Josephus claimed the descendants of Magog were the Scythians, the people north of the Black Sea. Others claim that Magog was the forefather of the Goths. This, however, is derived from linguistic similarities. Still others think descendants of Magog settled in Scandinavia after the flood. Swedish documents claim Magog had five sons. Irish documents claim he had three sons. Indeed, Queen Christina Alexandra of Sweden (ca 1626-89 CE) numbered herself as the 249th on a list of kings going all the way back to Magog.

In Islamic tradition, Gog and Magog are also paired and do nothing but make mischief. They are humans who were harassing the city of Jerusalem. A metal wall was installed to keep them at bay. The wall would be removed in the last days.

Less is known about Madai, the third son of Japheth. It is believed his descendants were connected to the Medes that appear in Assyrian documents around the mid-ninth century BCE.

Like Gomer, Javan (the fourth son) gets more attention. The word "Javan" equates with Ionian, which is the Hebrew word for Greece. His descendants might be the Ionians, an eastern Greek tribe. Greek mythology, however, claims their forefather, Ion, is the son of Apollo. Many people think these terms (Ion and Javan) are synonymous, making both theories plausible. Biblically speaking, Javan is found in the 8th and 11th chapters in the apocalyptic book of Daniel, where references to the king of Greece are thought to refer to Alexander the Great.

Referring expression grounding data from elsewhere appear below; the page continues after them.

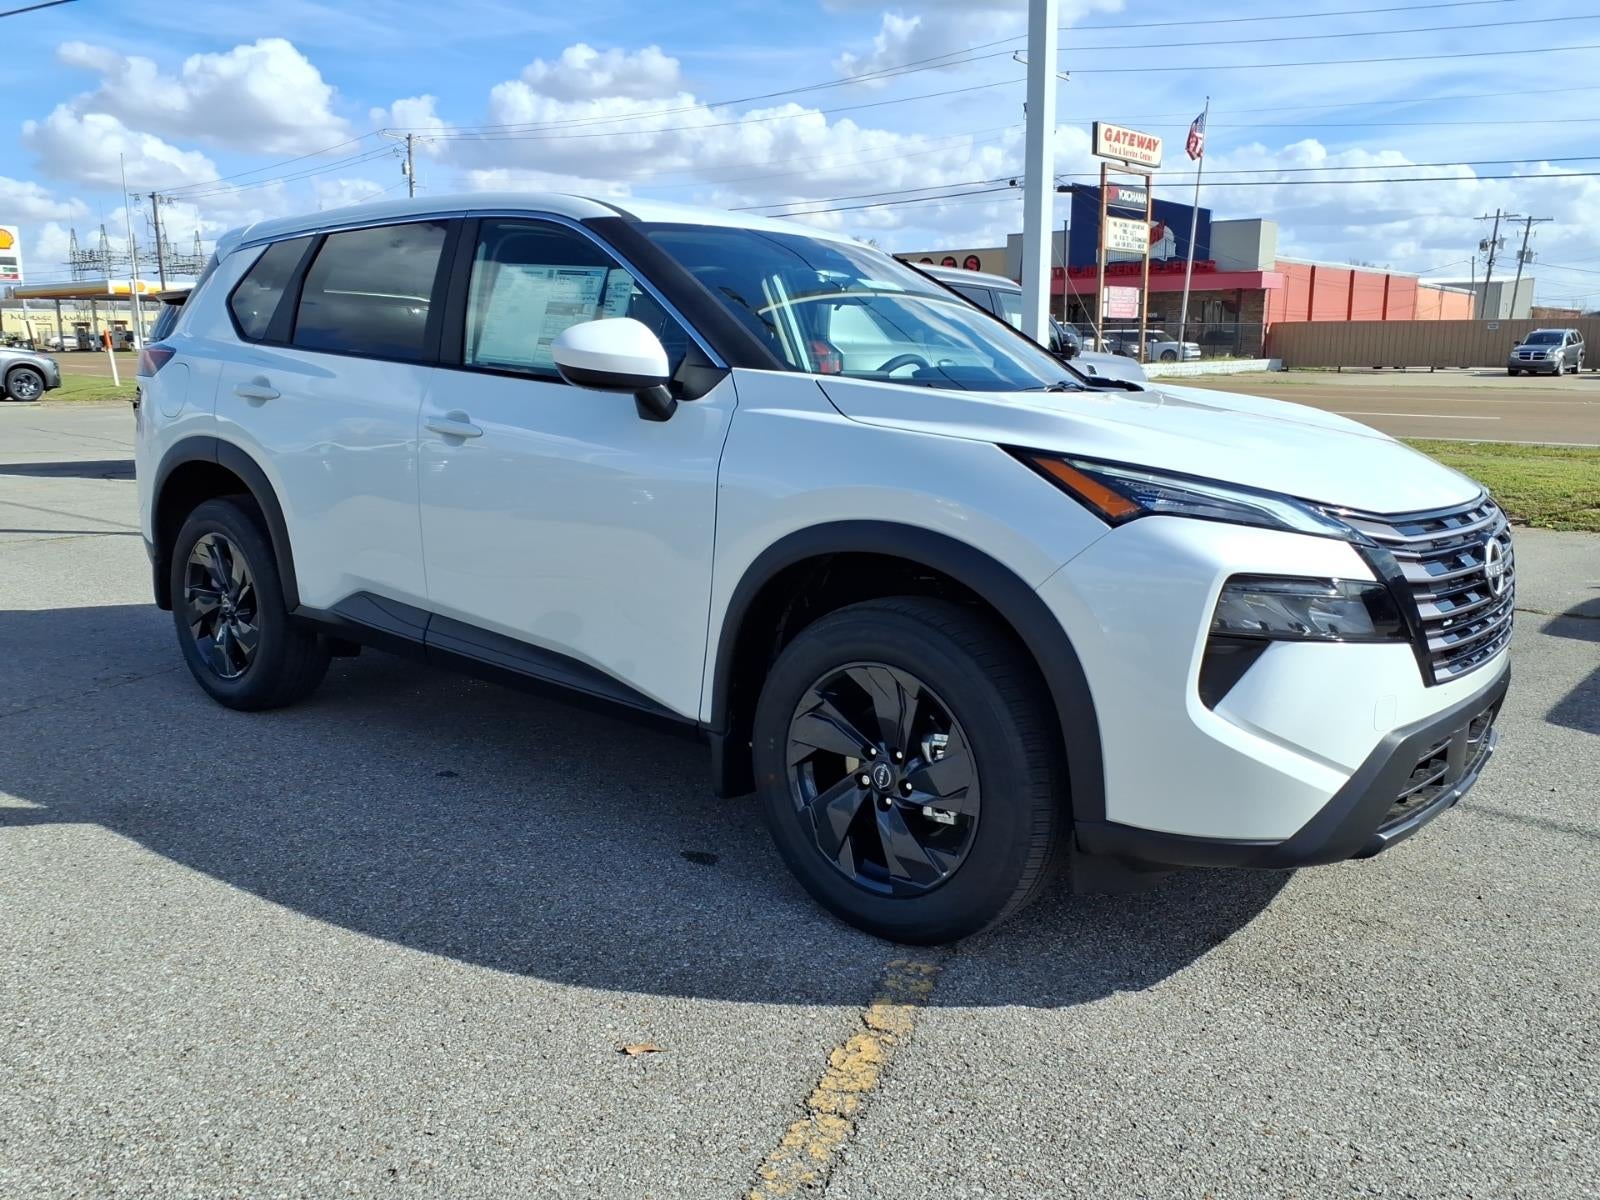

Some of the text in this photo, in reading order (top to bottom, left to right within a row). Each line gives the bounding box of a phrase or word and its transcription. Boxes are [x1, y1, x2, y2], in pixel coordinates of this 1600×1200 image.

[1104, 127, 1160, 152] GATEWAY
[1123, 147, 1138, 159] Service
[1118, 189, 1147, 204] YOKOHAMA
[1109, 262, 1162, 276] SERVE
[1165, 259, 1217, 273] CENER
[1485, 564, 1504, 577] NISS
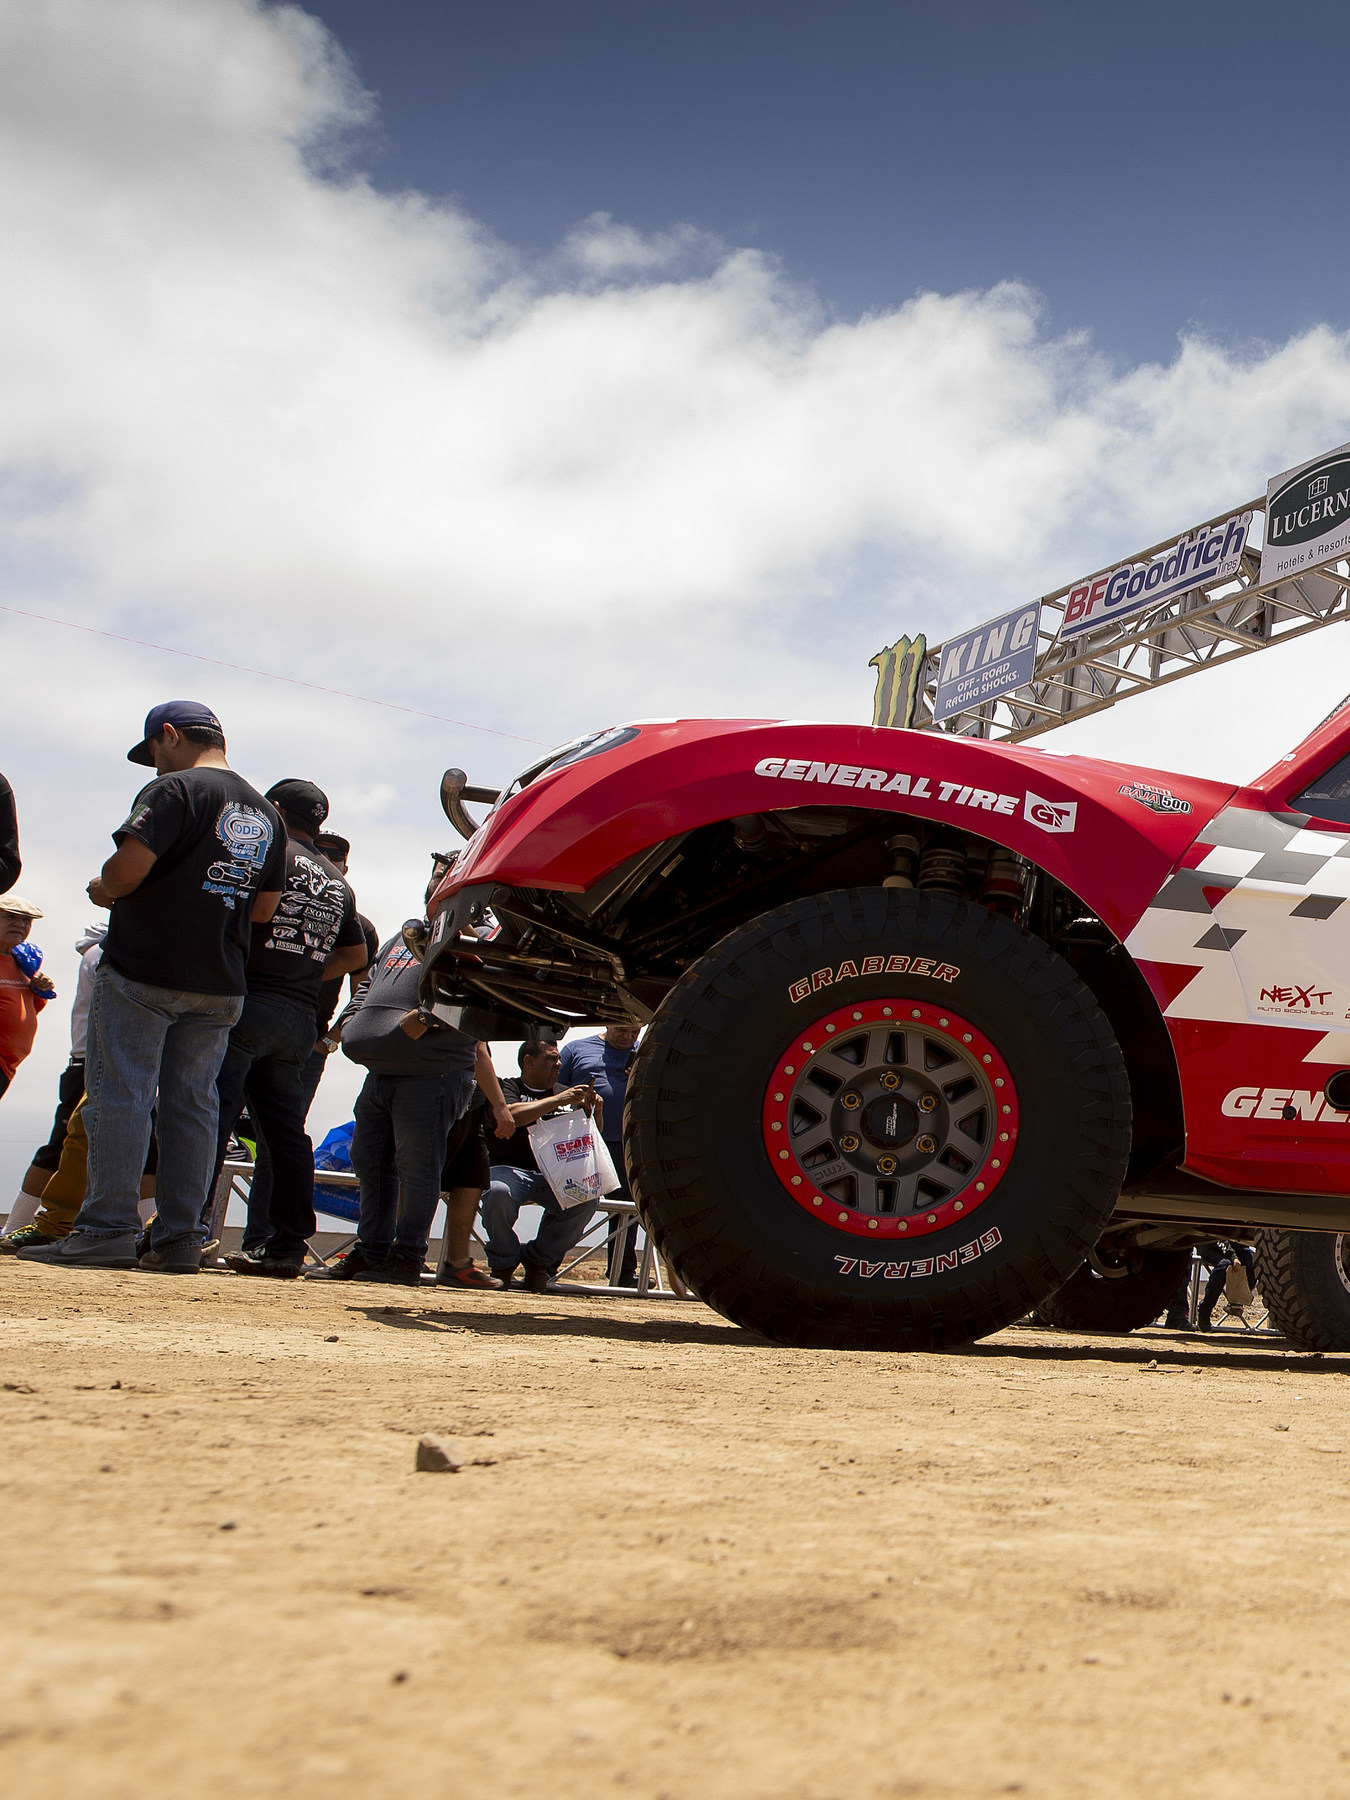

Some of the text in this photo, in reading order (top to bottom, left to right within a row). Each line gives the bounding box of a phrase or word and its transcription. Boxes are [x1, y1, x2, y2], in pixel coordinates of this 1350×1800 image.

Javan's four sons are also named. Their names, however, are all locations along the NE Mediterranean Sea and Anatolia. Elishah is the site of modern Cyprus. Tarshish refers to the southern part of Turkey. Kittim also refers to modern Cyprus. And Dodanim (Rodanim, according to 1 Chronicles) is progenitor of the island of Rhodes, located west of modern Turkey. It is midway between Cyprus and Greece. He has been connected with figures from Greek mythology, Aegean names on an Egyptian list, or notable Hittite allies. He also had three sons, the last of which was made prince of the Japhethites at the Tower of Babel.

The fifth son of Japheth was Tubal. He was connected to tribes populating the Iberian Peninsula, which is modern-day Spain and Portugal. Meshek was the sixth son. It is thought that the tribes of Anatolia were named after him, or that he was the ancestor of the Georgians. His descendants were sometimes referred to as the Sea Peoples who sailed along the Mediterranean Sea. 

The seventh son of Japheth was Tiras. His descendants have been associated with the Thracians. Little is known about the Thracians until the 8th century BCE. Others believe that Tiras was also connected to the Sea Peoples in the 13th century. Later sources say that Tiras was Persian. Unfortunately, his name does not appear in any Old Testament texts or in any Mesopotamian sources, so much of this is conjecture.

According to the text "from these the maritime peoples spread out into their territories by their clans within their nations, each with its own language." It should be apparent by now that much of this historical lineage includes both conjecture and overlap. If anything, it suggests that these tribes were connected and interrelated. Most notable, perhaps, is that Japheth had seven sons, with a total of seven named grandsons. Seven, of course, indicating completion.